Work task: Nothing but the text of the records belongs in your answer: repeat all of it exactly and leave out the images.

Annotated photo localization data
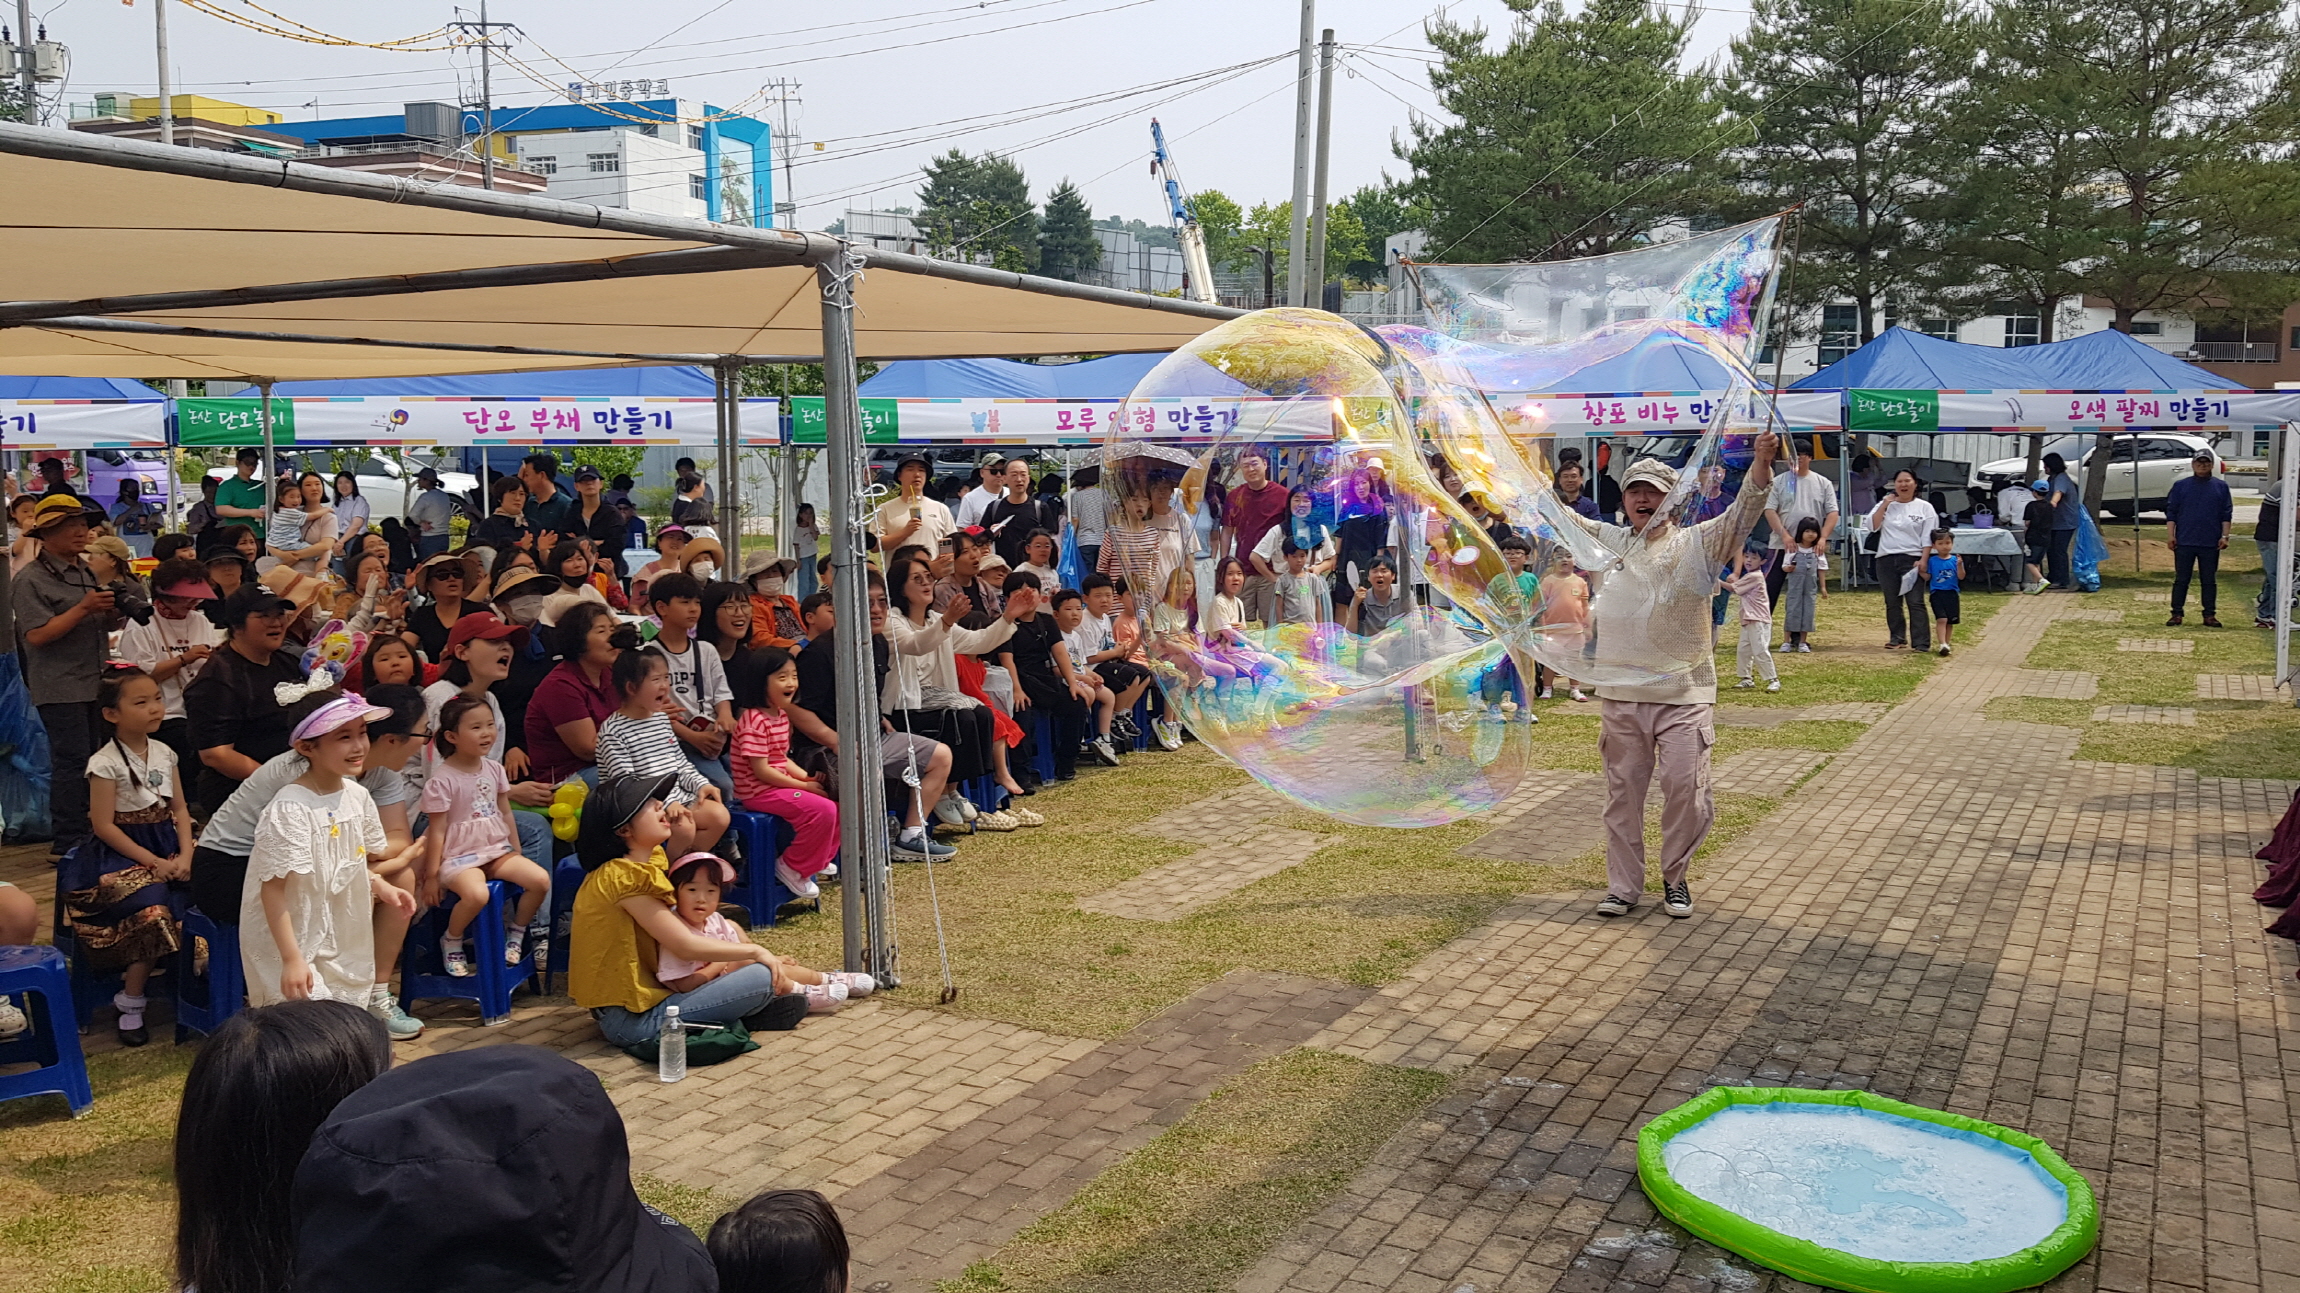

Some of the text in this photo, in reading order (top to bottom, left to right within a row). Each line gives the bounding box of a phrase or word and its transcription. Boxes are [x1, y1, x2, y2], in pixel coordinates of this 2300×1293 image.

[188, 408, 212, 424] 논산
[462, 406, 673, 436] 단오 부채 만들기
[801, 407, 825, 424] 논산
[1056, 407, 1097, 433] 모루
[1167, 405, 1239, 433] 만들기
[1582, 399, 1756, 426] 창포 비누 만기
[1857, 397, 1931, 424] 논산 단오놀이
[2068, 397, 2230, 423] 오색 팔찌 만들기
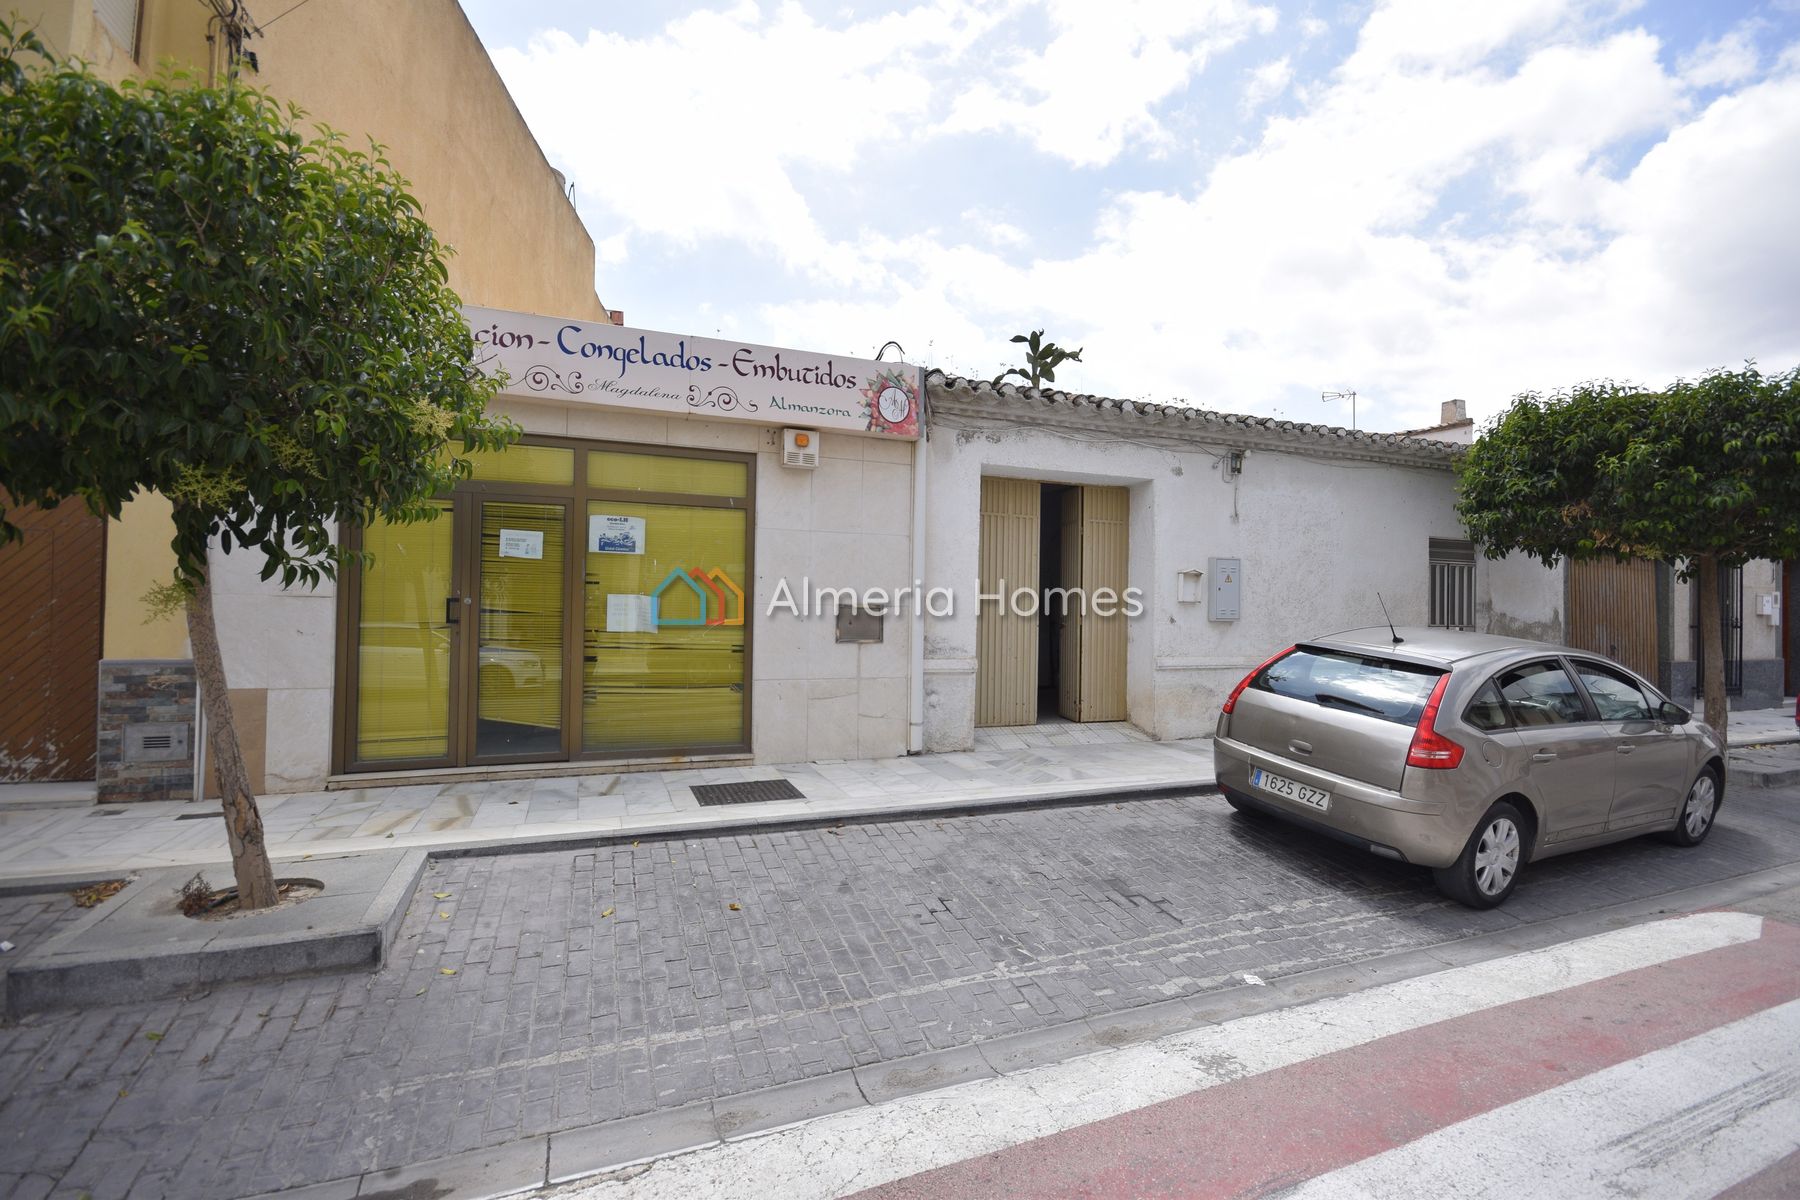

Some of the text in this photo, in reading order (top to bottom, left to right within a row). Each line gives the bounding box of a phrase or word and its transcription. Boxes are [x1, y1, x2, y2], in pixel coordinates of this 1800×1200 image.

Answer to this problem:
Some of the text in this photo, in reading order (top to bottom, left to right within a row). Each line gives the bounding box of a phrase or word and its transcription. Boxes are [x1, y1, x2, y2], in pixel coordinates of this 2300×1293 image.

[188, 408, 212, 424] 논산
[462, 406, 673, 436] 단오 부채 만들기
[801, 407, 825, 424] 논산
[1056, 407, 1097, 433] 모루
[1167, 405, 1239, 433] 만들기
[1582, 399, 1756, 426] 창포 비누 만기
[1857, 397, 1931, 424] 논산 단오놀이
[2068, 397, 2230, 423] 오색 팔찌 만들기

Some of the text in this photo, in reading order (top to bottom, left to right within a row). Each line gives the bounding box of a phrase or word and its transcription. Boxes are [x1, y1, x2, y2], in pixel coordinates of this 1800×1200 image.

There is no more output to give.